Your objective – From the listing below, copy each line where "words" occurs.

Records supplied –
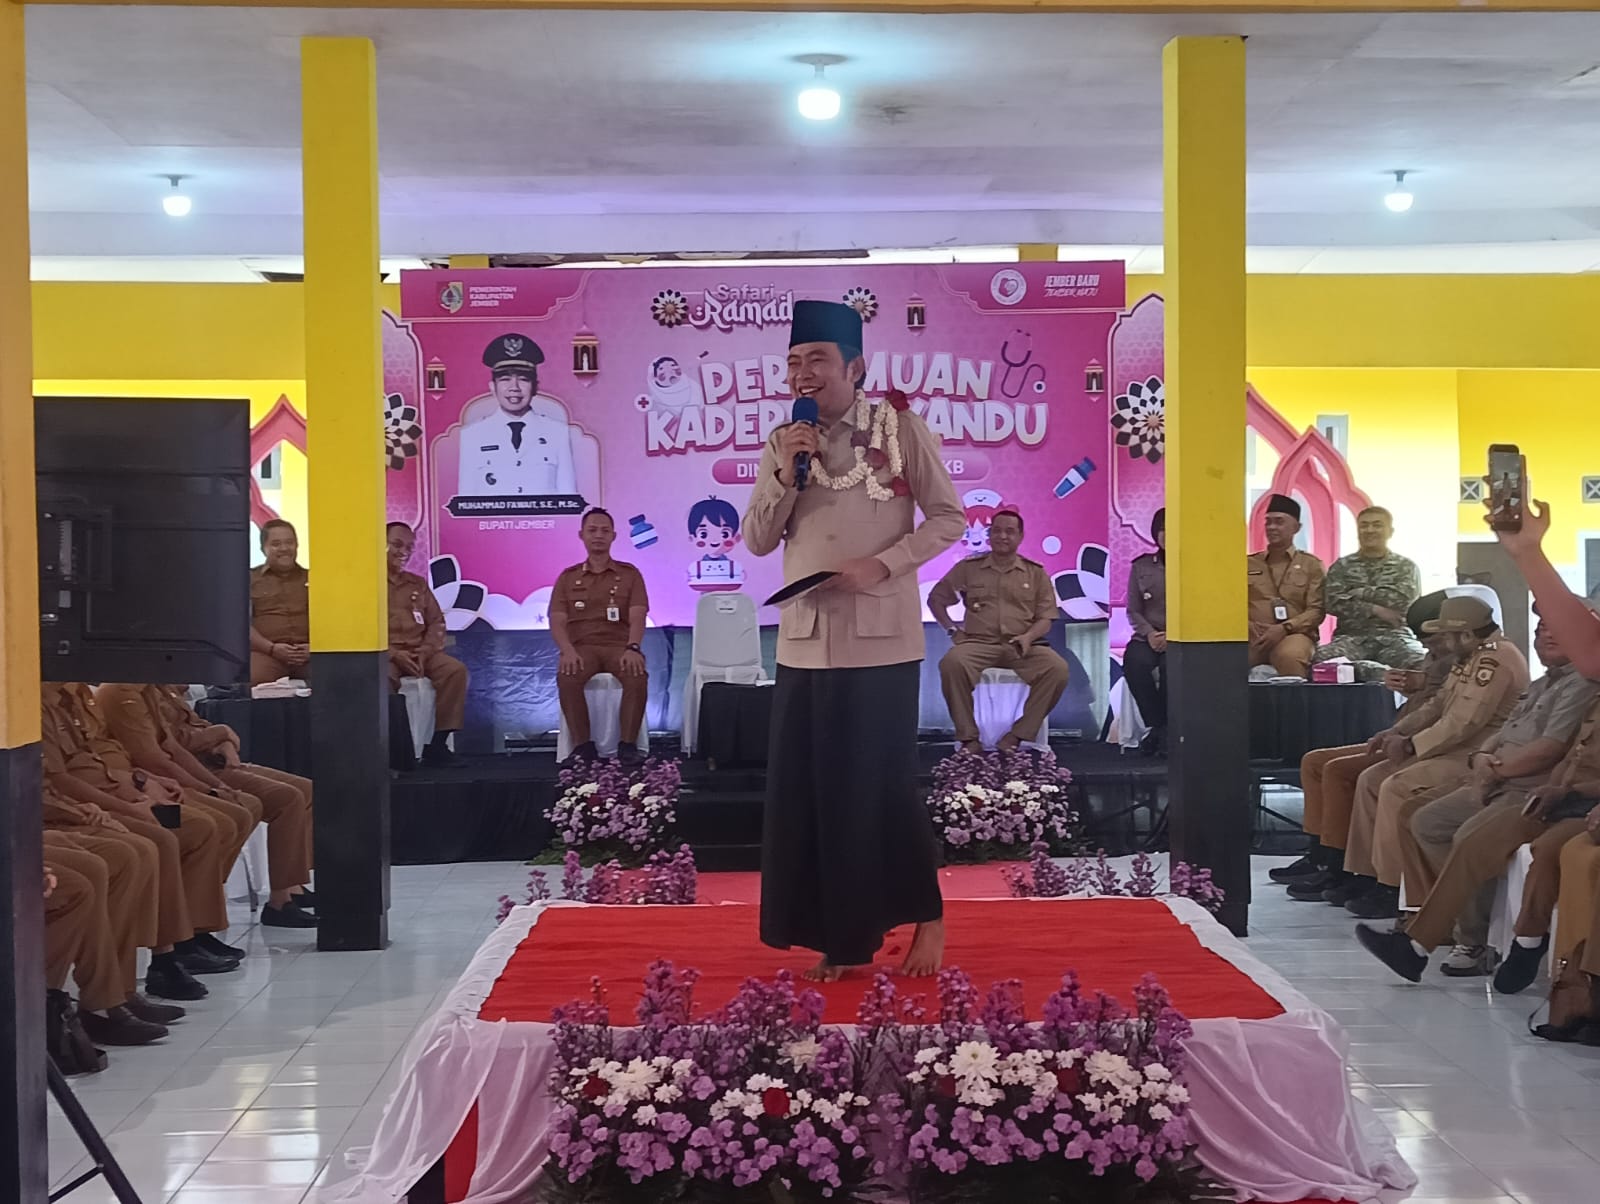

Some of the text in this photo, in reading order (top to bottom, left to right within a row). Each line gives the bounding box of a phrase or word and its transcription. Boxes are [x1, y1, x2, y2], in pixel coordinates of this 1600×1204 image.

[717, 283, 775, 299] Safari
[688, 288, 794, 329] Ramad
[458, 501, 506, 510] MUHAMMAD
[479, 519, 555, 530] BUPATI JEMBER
---
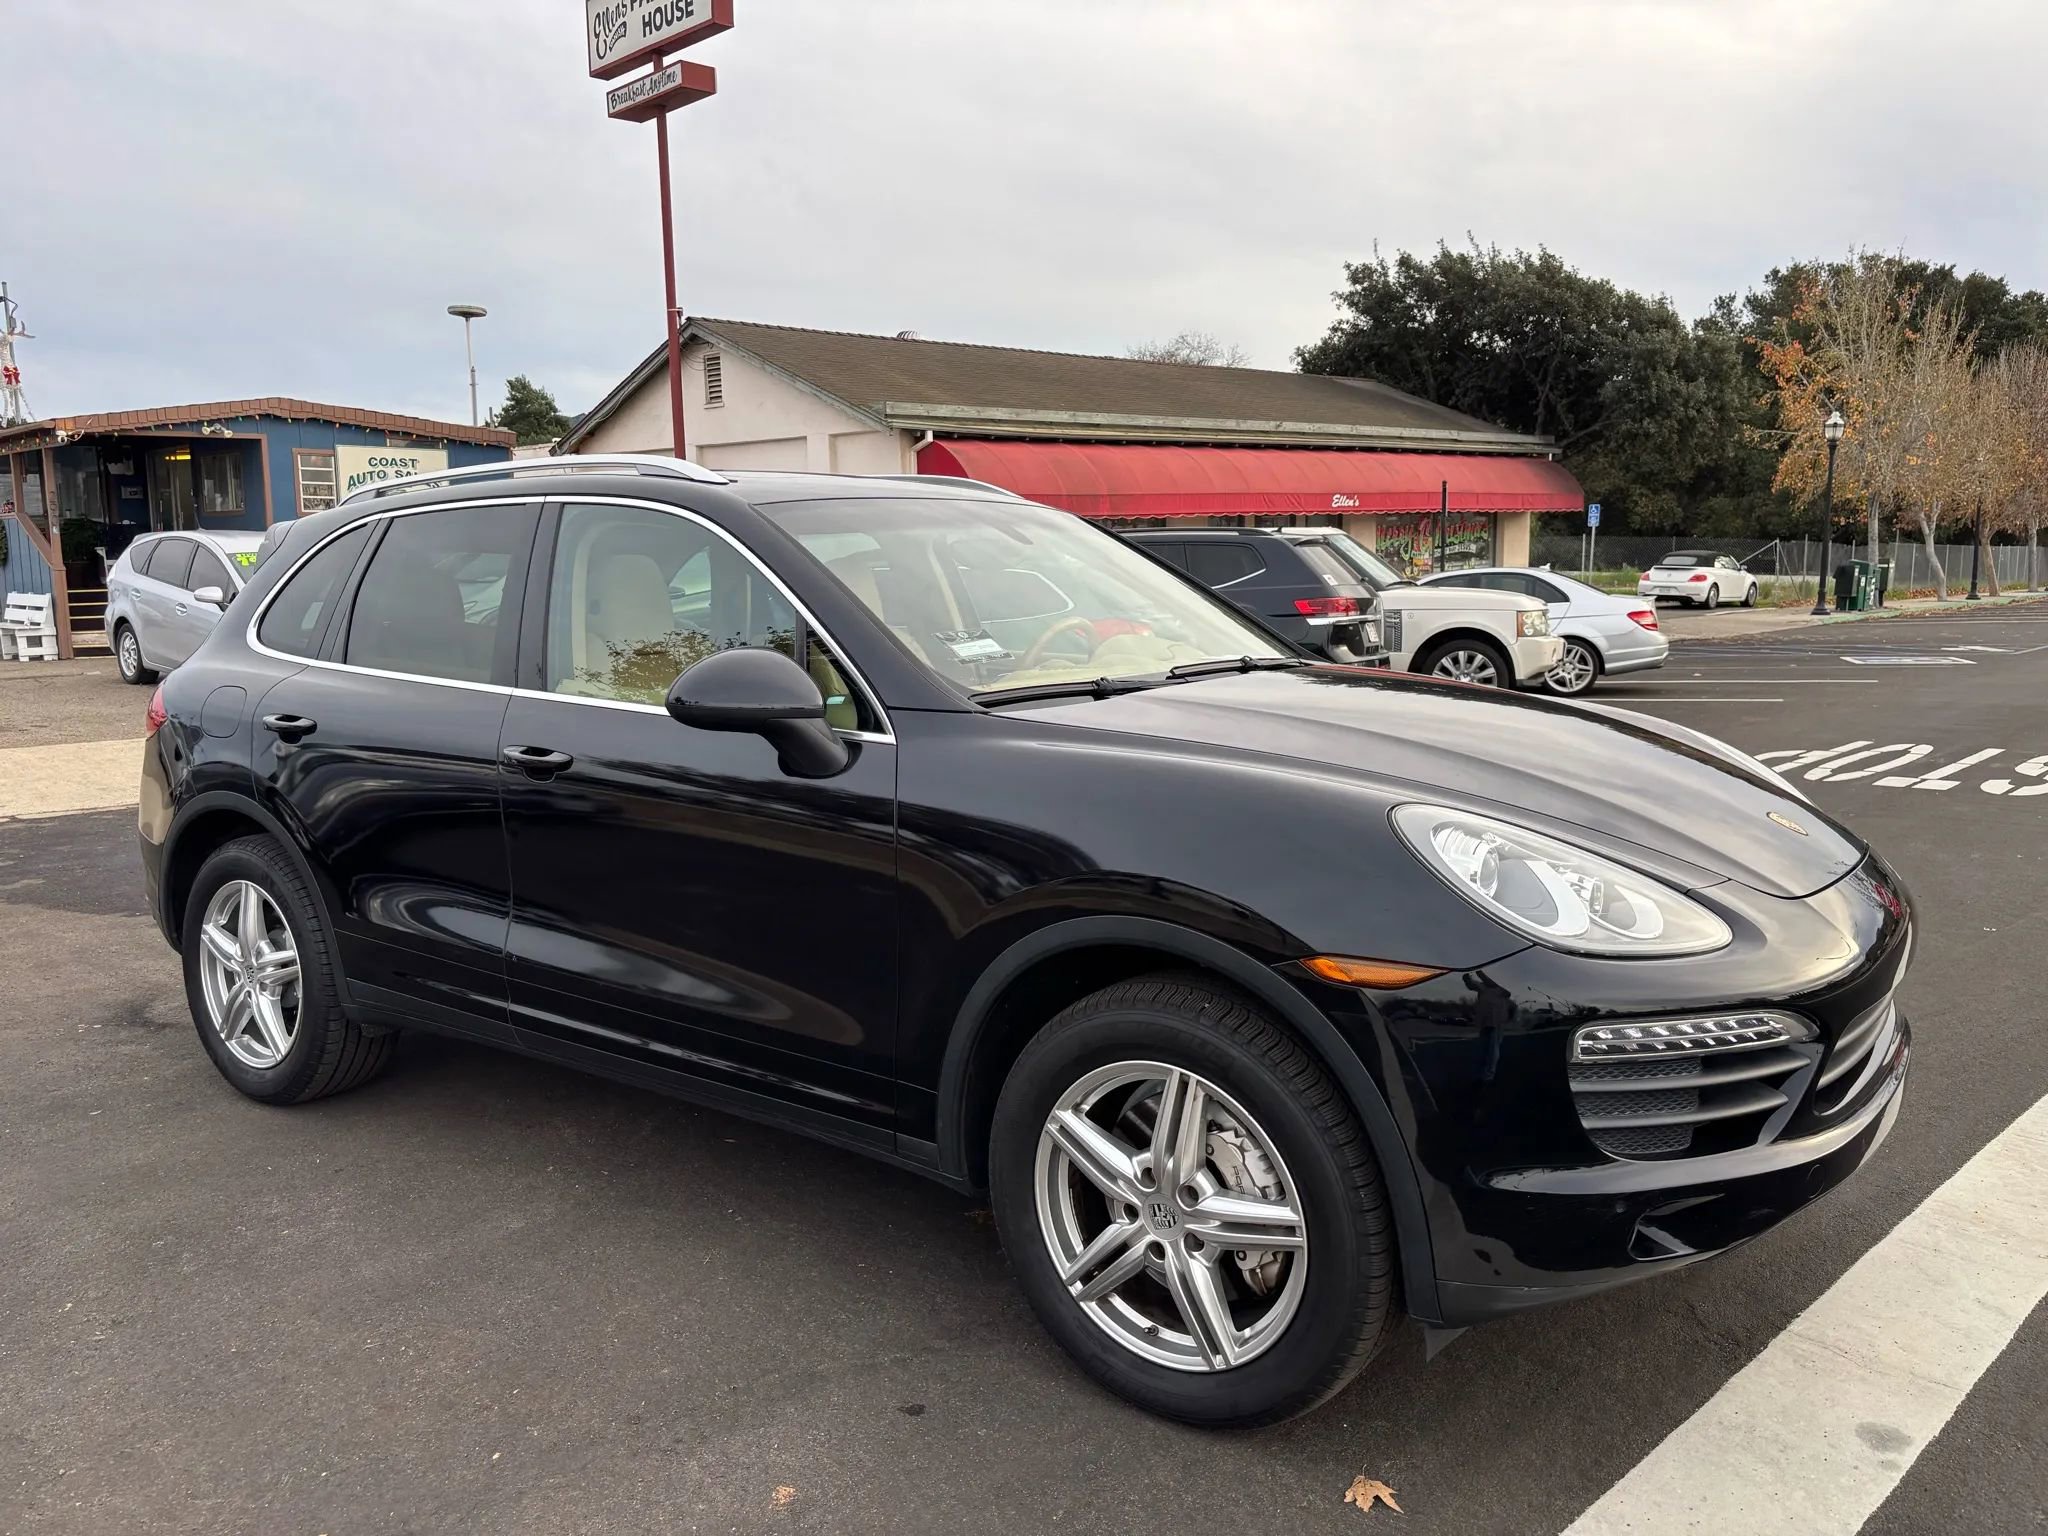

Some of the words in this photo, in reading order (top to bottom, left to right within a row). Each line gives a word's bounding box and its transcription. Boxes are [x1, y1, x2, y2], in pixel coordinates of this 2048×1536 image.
---
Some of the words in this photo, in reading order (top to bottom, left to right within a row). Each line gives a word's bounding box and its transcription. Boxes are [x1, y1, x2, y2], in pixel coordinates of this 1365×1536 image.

Response box –
Some of the words in this photo, in reading order (top to bottom, left to right within a row). Each line gives a word's bounding box and its transcription. Boxes are [x1, y1, x2, y2], in pixel coordinates of this 2048×1536 image.
Some of the words in this photo, in reading order (top to bottom, left to right within a row). Each line gives a word's bounding box and its transcription. Boxes are [x1, y1, x2, y2], in pixel coordinates of this 1365×1536 image.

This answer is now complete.